Es posible que registren las novedades si estas aparecen en los manuales, como ocurrió en los años noventa, una experiencia interesante por la renovación de los nombres de autores, y frustrante porque los buenos historiadores que han trabajado en manuales y currículos no encontraron la forma de transmitir las nuevas perspectivas en términos comprensibles, no ya para los alumnos sino para los mismos docentes.4 Un sector importante, que ha ganado en especificidad, es la literatura infantil y juvenil. El relato histórico siempre tuvo su lugar, pero escribir para niños o jóvenes no es fácil. No conozco equivalentes de lo que hacen Diego Golombek y otros en el campo de las ciencias naturales. No falta la oferta, desde el legendario Billiken hasta Felipe Pigna, basado en versiones escolares y patrióticas, con sus héroes y heroínas. Pero todo está bastante alejado de lo que hoy hacen los historiadores profesionales.5 Comencé por estos tres sectores de la demanda porque son bastante específicos y son los únicos donde la autoridad del historiador de oficio es bastante reconocida. No lo es, en cambio, en el amplio sector del público no informado, un territorio dominado por comunicadores entusiastas, pero sin mucha formación y con escaso rigor, atrapados por el sentido común histórico de sus lectores u oyentes.
Afortunadamente, los historiadores profesionales transitan cada vez más este terreno. Se trata de un campo conflictivo en el que se dirimen dos batallas: una por el tipo de relato, con todas sus concomitancias culturales y políticas, y otra, en el fondo más importante, por el valor asignado a la lectura en general y a la lectura de libros en particular, algo esencial para introducirse en el mundo de la historia. Se llega a la historia por muchos caminos: las novelas históricas, de Alejandro Dumas a Florencia Bonelli, las historietas, como Asterix, y también los dibujos animados, como Paka Paka, o lo que circula en X, Instagram o Spotify. Pero en mi opinión, la “historia de los historiadores formados” debe ser leída en libros.
Finalmente, hay un grupo de lectores de historia con intereses muy diferentes de la curiosidad: los ciudadanos, aquellos a quien interpela el “historiador público”, quien se suma a la arena política aprovechando el plus de autoridad que le da su sapiencia. Se espera de él que explique, desde el pasado, el presente y el futuro, algo que tiente a los historiadores militantes. El problema está en la tensión, insoluble y a la vez inspiradora, entre la comprensión –deber del historiador– y el juicio, la actitud política que implica la intervención pública.6
¿Que pueden ofrecer los historiadores profesionales a esos potenciales consumidores?

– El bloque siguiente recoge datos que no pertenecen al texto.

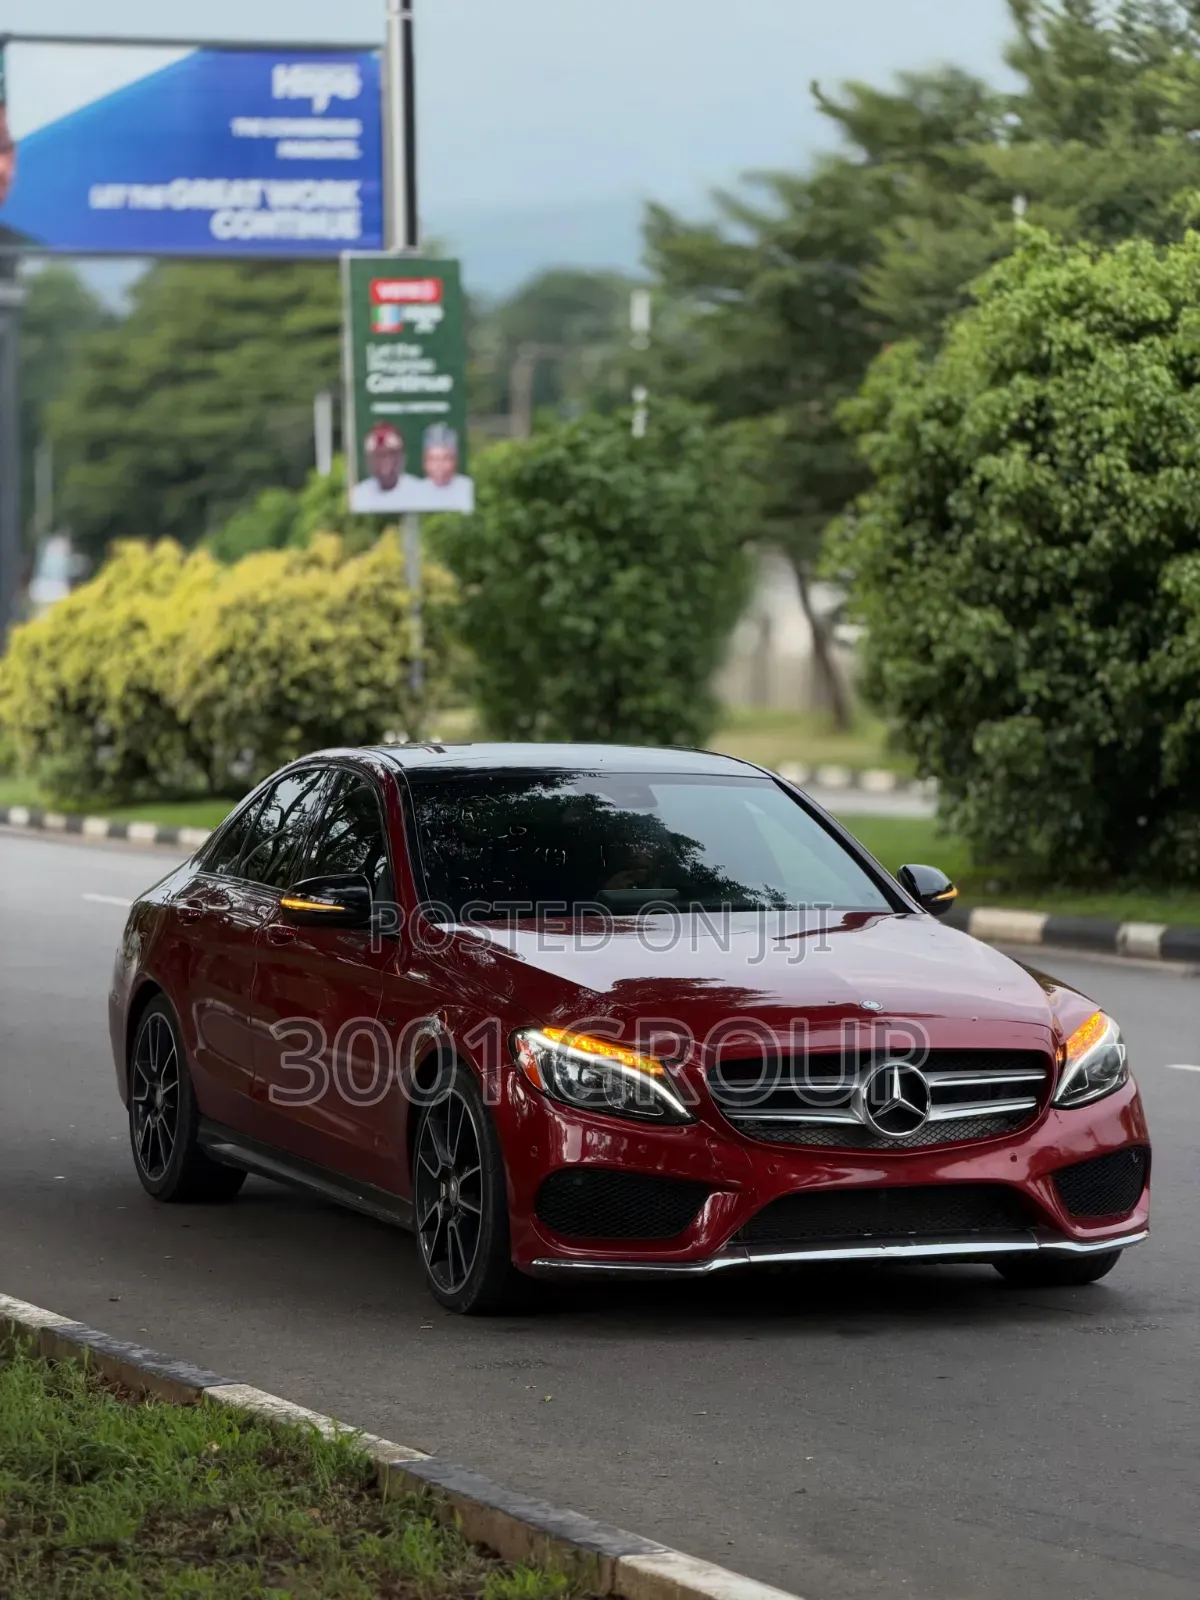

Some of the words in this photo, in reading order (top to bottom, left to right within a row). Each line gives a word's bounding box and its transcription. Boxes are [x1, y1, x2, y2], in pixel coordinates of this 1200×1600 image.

[168, 178, 262, 210] GREAT
[262, 178, 361, 210] WORK
[209, 209, 361, 239] CONTINUE
[365, 372, 454, 394] Continue
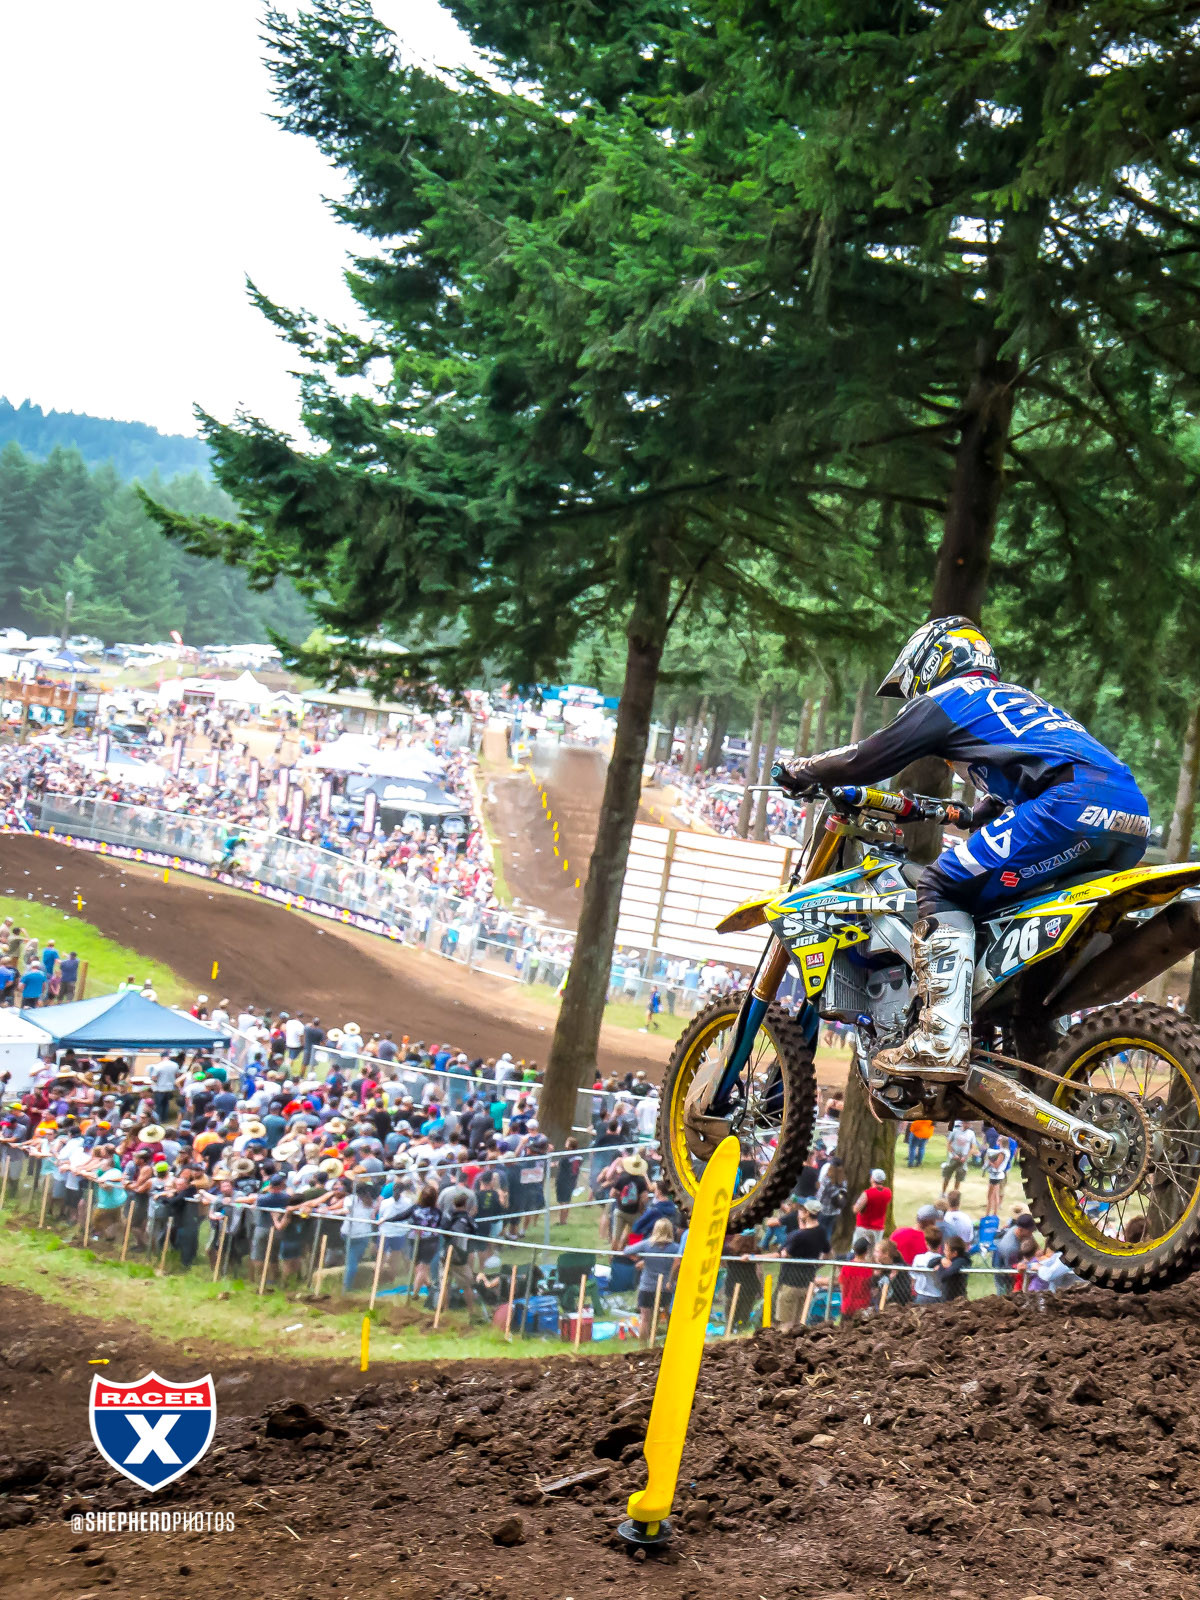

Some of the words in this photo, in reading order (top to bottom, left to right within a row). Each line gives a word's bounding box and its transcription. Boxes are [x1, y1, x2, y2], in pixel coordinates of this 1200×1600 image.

[922, 655, 941, 678] Arai
[973, 651, 997, 670] ALEX
[1019, 840, 1092, 879] SUZUKI
[782, 893, 906, 937] SUZUKI
[791, 934, 819, 949] JGR
[1000, 916, 1041, 975] 26
[936, 956, 955, 974] G
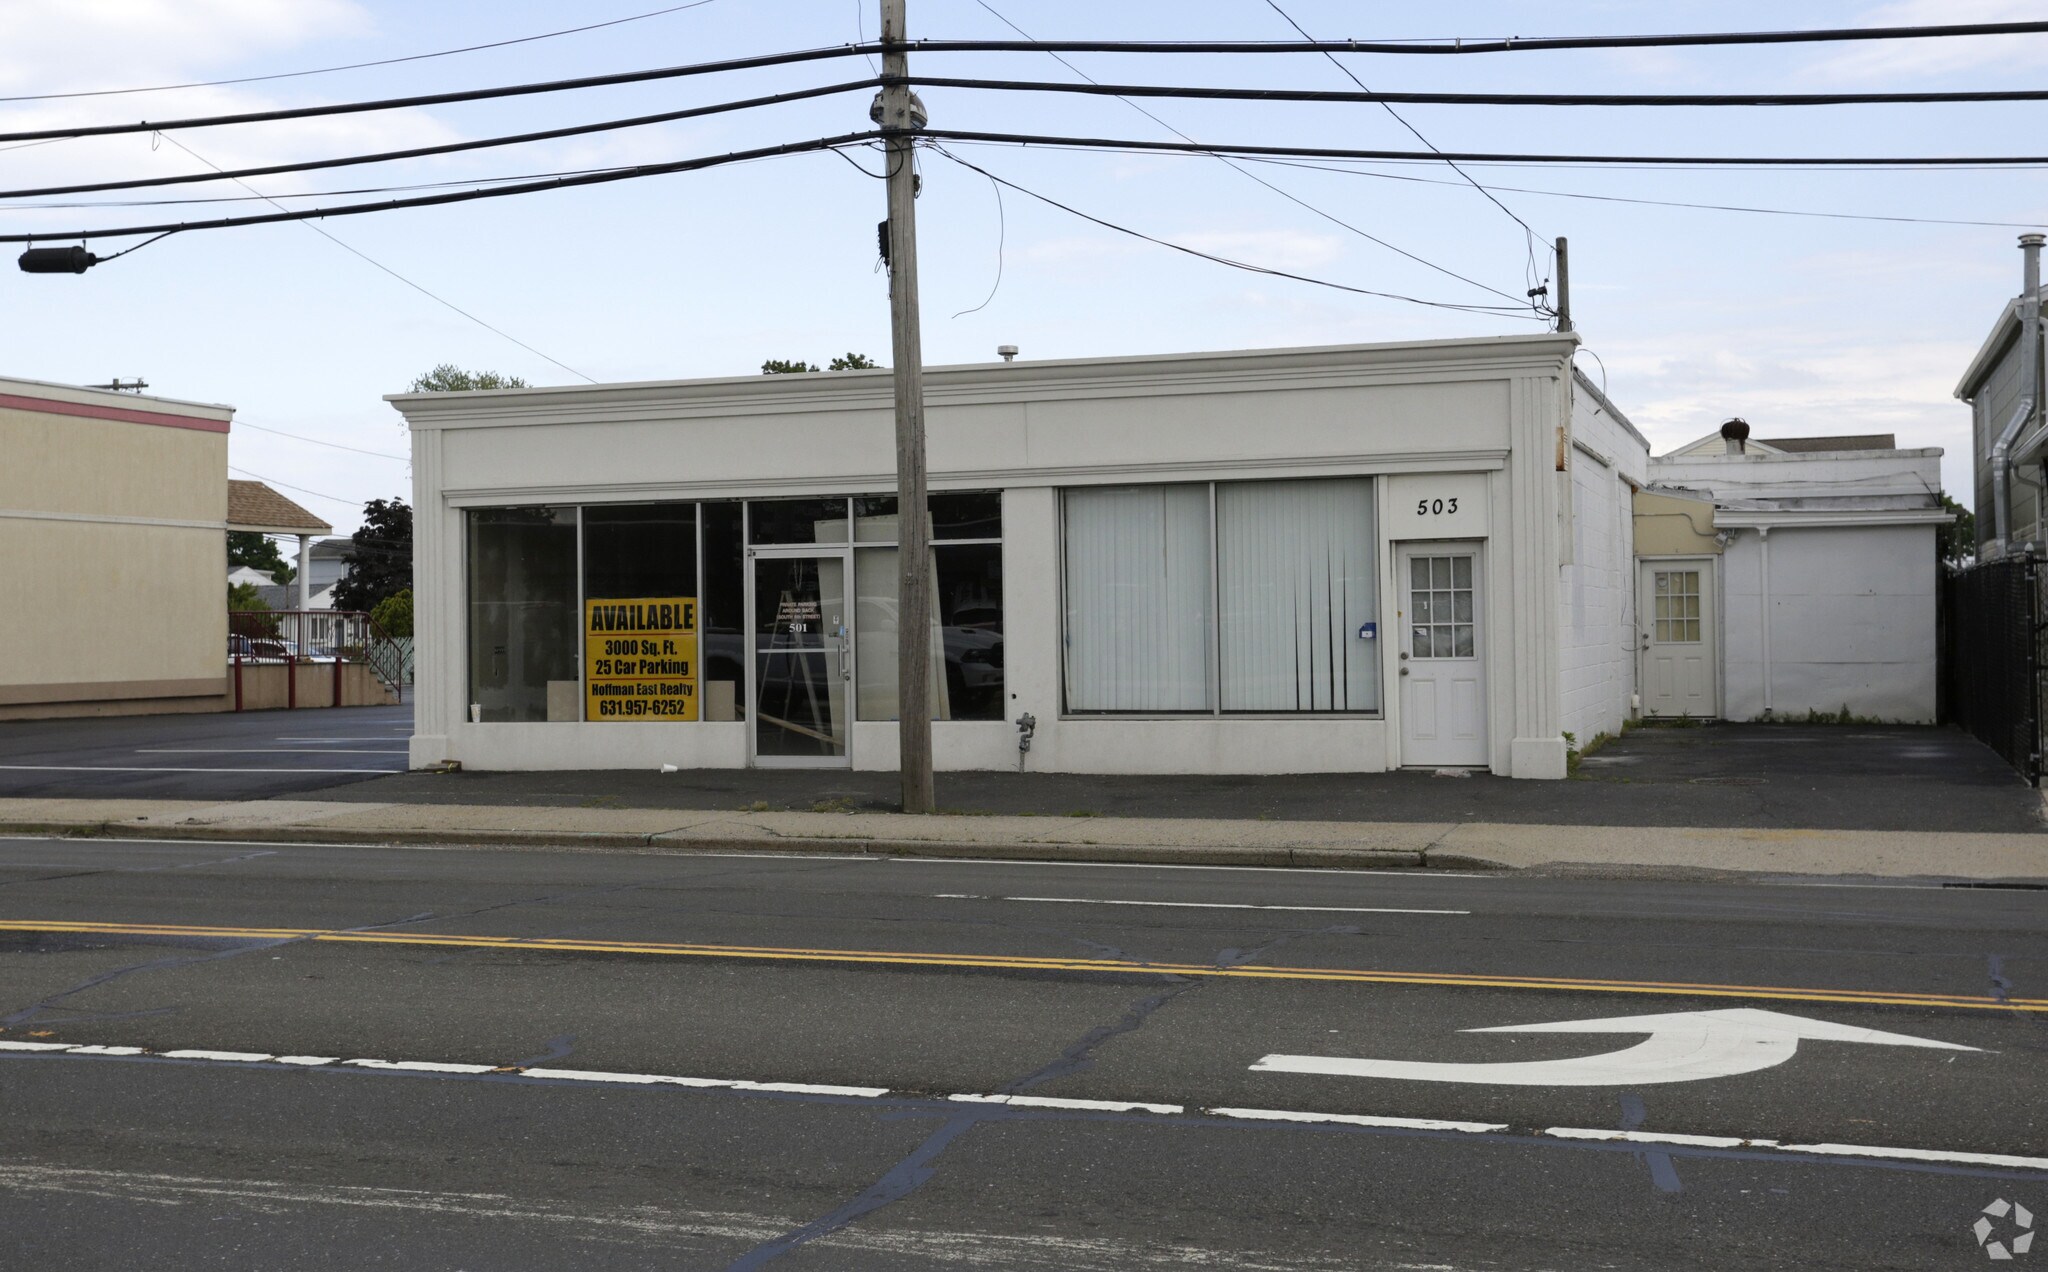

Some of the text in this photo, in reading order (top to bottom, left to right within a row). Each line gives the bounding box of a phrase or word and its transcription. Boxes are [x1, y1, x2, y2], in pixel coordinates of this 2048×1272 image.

Un producto valioso es la síntesis histórica. A principios del siglo XX, Henri Berr cuestionó los criterios de la historia erudita y su preferencia por la “heurística” y la “crítica externa” en detrimento de la comprensión. En 1900 comenzó a editar su Revue de Synthèse Historique, y luego su gran emprendimiento colectivo de obras de síntesis, la serie La evolución de la humanidad, que en opinión de muchos inspiró a Marc Bloch, Lucien Febvre y sus alumnos.
Hay distintos tipos de síntesis. Entre ellas, uno que forma parte de la creación de conocimiento especializado: la que se genera con el desarrollo de la investigación y, en un momento, le da un nuevo impulso. Señalo un ejemplo cercano: el libro de Hilda Sabato sobre las repúblicas latinoamericanas del siglo XIX (Sabato, 2018, 2021). El tema ha estado en la agenda de los historiadores latinoamericanos en las últimas décadas; se ha producido una cantidad de trabajos de base y se han ido definiendo algunas grandes líneas, de acuerdos y diferencias. En un texto breve Sabato integra, desde una óptica personal, esa enorme producción en una síntesis interpretativa que, al dar cuenta de un corpus de investigaciones regionales muy amplio, incita a pensar en lo que hay de común en las historias hispanoamericanas –un camino sólido hacia la hoy demandada “historia mundial”– y también en el lugar específico que ocupa la cuestión republicana en una mirada más integral del proceso histórico.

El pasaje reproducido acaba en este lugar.